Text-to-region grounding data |
::::::

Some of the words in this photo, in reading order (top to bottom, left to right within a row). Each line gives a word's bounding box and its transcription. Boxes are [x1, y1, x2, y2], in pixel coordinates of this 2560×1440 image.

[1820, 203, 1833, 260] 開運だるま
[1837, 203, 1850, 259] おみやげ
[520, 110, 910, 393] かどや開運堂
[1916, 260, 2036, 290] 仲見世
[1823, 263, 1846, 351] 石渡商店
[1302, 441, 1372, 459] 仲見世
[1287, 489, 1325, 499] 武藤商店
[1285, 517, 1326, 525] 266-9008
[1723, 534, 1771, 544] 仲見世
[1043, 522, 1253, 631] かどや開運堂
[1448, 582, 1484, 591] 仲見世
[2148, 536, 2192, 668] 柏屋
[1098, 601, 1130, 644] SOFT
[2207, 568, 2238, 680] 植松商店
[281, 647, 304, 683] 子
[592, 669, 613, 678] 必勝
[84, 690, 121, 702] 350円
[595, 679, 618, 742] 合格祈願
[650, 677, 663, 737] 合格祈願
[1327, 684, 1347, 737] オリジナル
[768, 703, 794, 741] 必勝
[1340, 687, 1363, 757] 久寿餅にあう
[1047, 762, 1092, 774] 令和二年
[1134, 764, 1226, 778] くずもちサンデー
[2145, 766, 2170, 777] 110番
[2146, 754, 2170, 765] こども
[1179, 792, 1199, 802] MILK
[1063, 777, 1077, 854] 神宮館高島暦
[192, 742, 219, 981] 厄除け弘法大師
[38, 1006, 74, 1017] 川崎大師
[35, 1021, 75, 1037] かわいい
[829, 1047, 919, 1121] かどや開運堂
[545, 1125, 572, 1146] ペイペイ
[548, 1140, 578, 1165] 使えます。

::::::

Every entry above has to be returned exactly as written.

Some of the words in this photo, in reading order (top to bottom, left to right within a row). Each line gives a word's bounding box and its transcription. Boxes are [x1, y1, x2, y2], in pixel coordinates of this 2560×1440 image.

[1820, 203, 1833, 260] 開運だるま
[1837, 203, 1850, 259] おみやげ
[520, 110, 910, 393] かどや開運堂
[1916, 260, 2036, 290] 仲見世
[1823, 263, 1846, 351] 石渡商店
[1302, 441, 1372, 459] 仲見世
[1287, 489, 1325, 499] 武藤商店
[1285, 517, 1326, 525] 266-9008
[1723, 534, 1771, 544] 仲見世
[1043, 522, 1253, 631] かどや開運堂
[1448, 582, 1484, 591] 仲見世
[2148, 536, 2192, 668] 柏屋
[1098, 601, 1130, 644] SOFT
[2207, 568, 2238, 680] 植松商店
[281, 647, 304, 683] 子
[592, 669, 613, 678] 必勝
[84, 690, 121, 702] 350円
[595, 679, 618, 742] 合格祈願
[650, 677, 663, 737] 合格祈願
[1327, 684, 1347, 737] オリジナル
[768, 703, 794, 741] 必勝
[1340, 687, 1363, 757] 久寿餅にあう
[1047, 762, 1092, 774] 令和二年
[1134, 764, 1226, 778] くずもちサンデー
[2145, 766, 2170, 777] 110番
[2146, 754, 2170, 765] こども
[1179, 792, 1199, 802] MILK
[1063, 777, 1077, 854] 神宮館高島暦
[192, 742, 219, 981] 厄除け弘法大師
[38, 1006, 74, 1017] 川崎大師
[35, 1021, 75, 1037] かわいい
[829, 1047, 919, 1121] かどや開運堂
[545, 1125, 572, 1146] ペイペイ
[548, 1140, 578, 1165] 使えます。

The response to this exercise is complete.